[Image-backed grounding data]
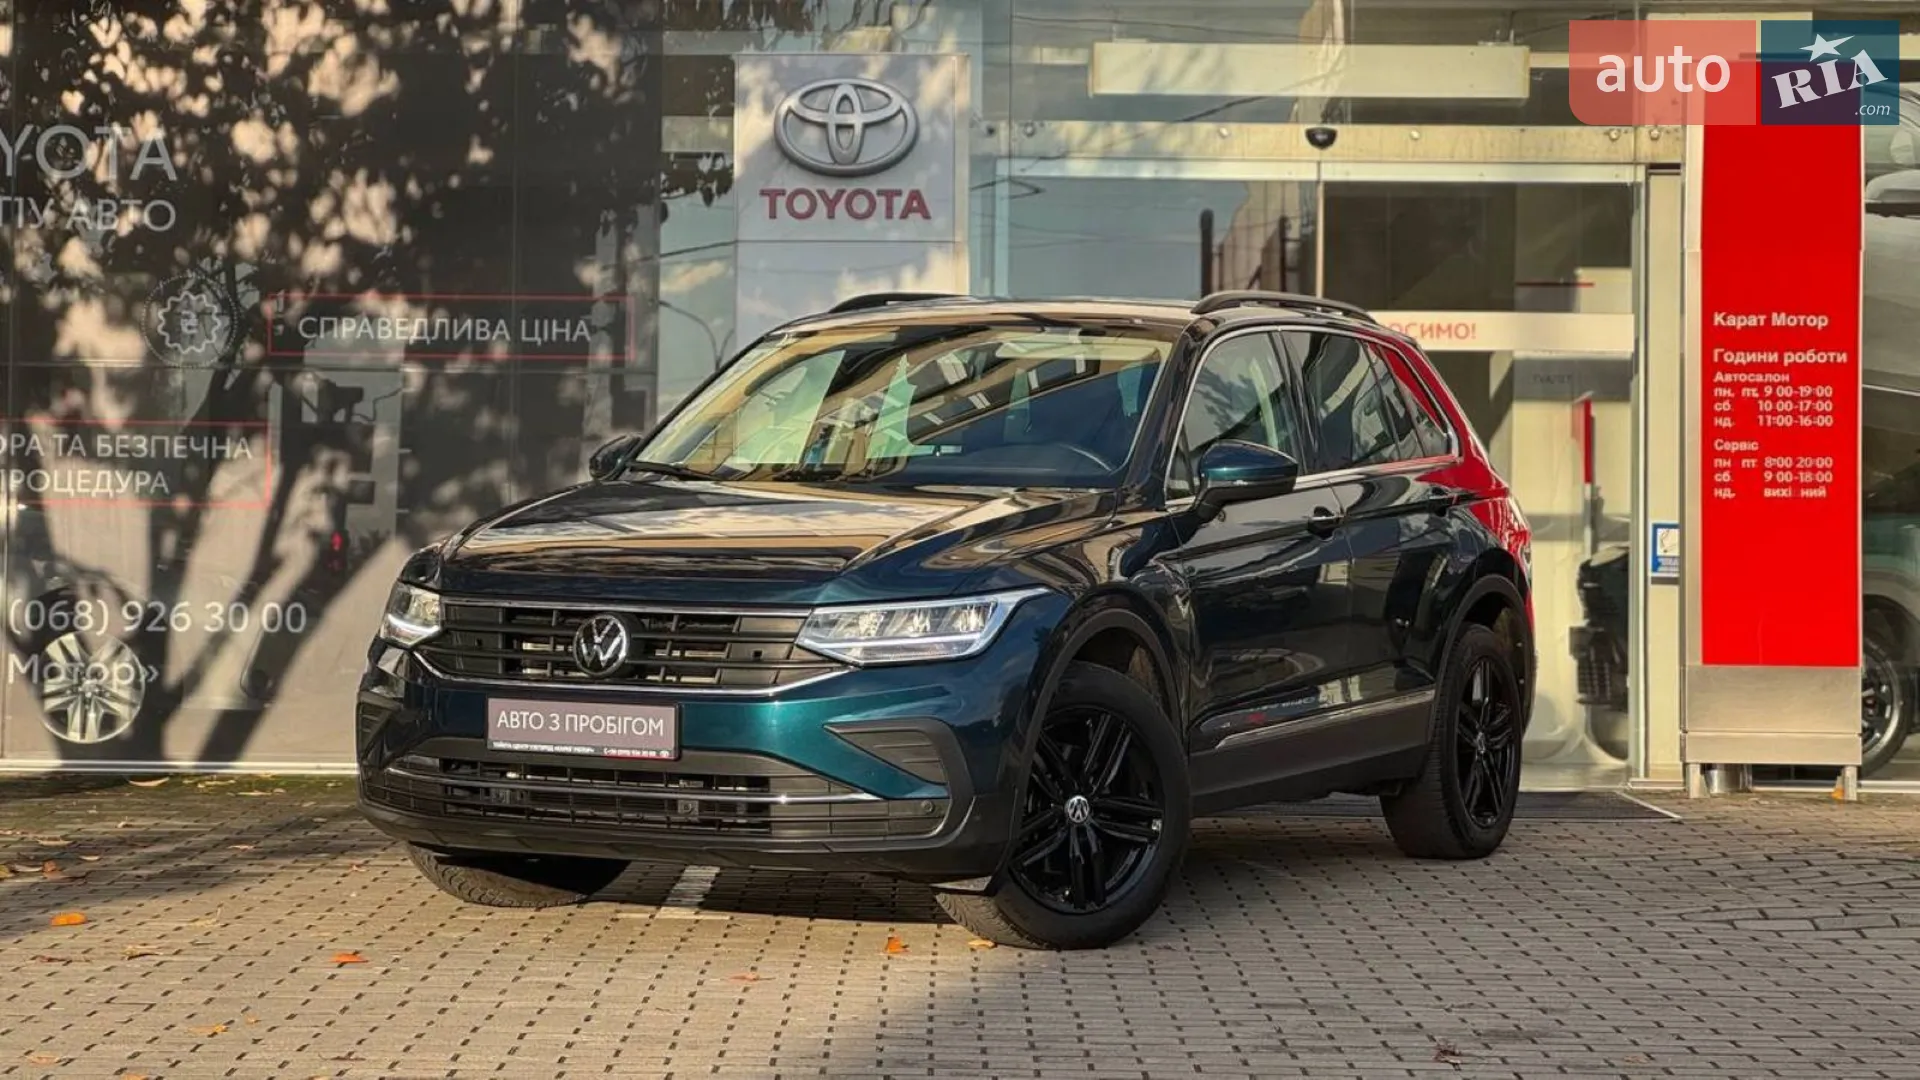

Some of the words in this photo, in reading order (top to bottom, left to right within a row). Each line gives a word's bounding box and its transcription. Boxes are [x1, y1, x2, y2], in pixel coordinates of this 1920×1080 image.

[65, 197, 177, 232] АВТО
[759, 187, 932, 220] TOYOTA
[299, 316, 512, 345] СПРАВЕДЛИВА
[520, 318, 592, 346] ЦІНА
[1713, 311, 1767, 330] Карат
[1771, 311, 1829, 330] Мотор
[1713, 347, 1779, 366] Години
[1783, 348, 1848, 367] роботи
[1713, 371, 1790, 383] Автосалон
[52, 433, 87, 458] ТА
[96, 434, 254, 460] БЕЗПЕЧНА
[9, 598, 109, 636] (068)
[121, 600, 192, 633] 926
[204, 601, 249, 633] 30
[261, 602, 307, 634] 00
[7, 653, 160, 686] Мотор»
[497, 710, 545, 731] АВТО
[549, 713, 561, 732] З
[565, 713, 664, 737] ПРОБІГОМ
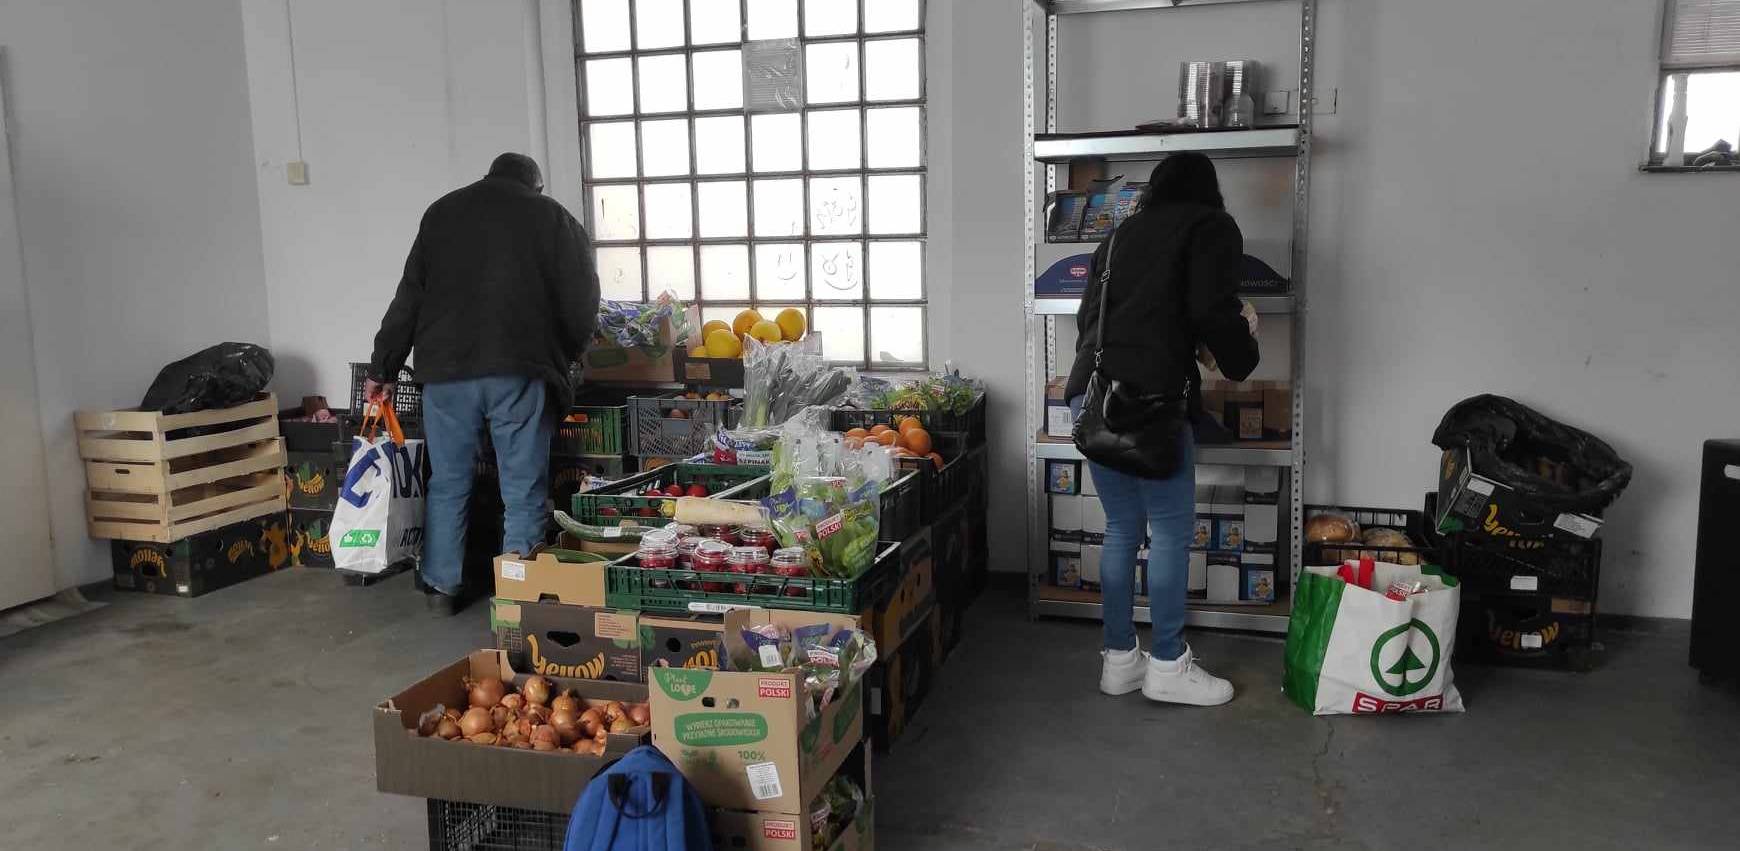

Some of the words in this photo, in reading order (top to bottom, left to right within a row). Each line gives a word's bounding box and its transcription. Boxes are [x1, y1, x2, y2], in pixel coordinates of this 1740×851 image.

What the task requires: Omit the pictures and write out the remaining data exactly.

Answer for this exercise:
Some of the words in this photo, in reading order (top to bottom, left to right within a row). Each line gives a word's bounding box and its transcription. Boxes are [x1, y1, x2, y2], in pixel coordinates of this 1920×1080 image.

[65, 197, 177, 232] АВТО
[759, 187, 932, 220] TOYOTA
[299, 316, 512, 345] СПРАВЕДЛИВА
[520, 318, 592, 346] ЦІНА
[1713, 311, 1767, 330] Карат
[1771, 311, 1829, 330] Мотор
[1713, 347, 1779, 366] Години
[1783, 348, 1848, 367] роботи
[1713, 371, 1790, 383] Автосалон
[52, 433, 87, 458] ТА
[96, 434, 254, 460] БЕЗПЕЧНА
[9, 598, 109, 636] (068)
[121, 600, 192, 633] 926
[204, 601, 249, 633] 30
[261, 602, 307, 634] 00
[7, 653, 160, 686] Мотор»
[497, 710, 545, 731] АВТО
[549, 713, 561, 732] З
[565, 713, 664, 737] ПРОБІГОМ

Some of the words in this photo, in reading order (top to bottom, left to right within a row). Each line gives a word's bounding box and its transcription. Boxes are [x1, y1, x2, y2], in pixel coordinates of this 1740×851 image.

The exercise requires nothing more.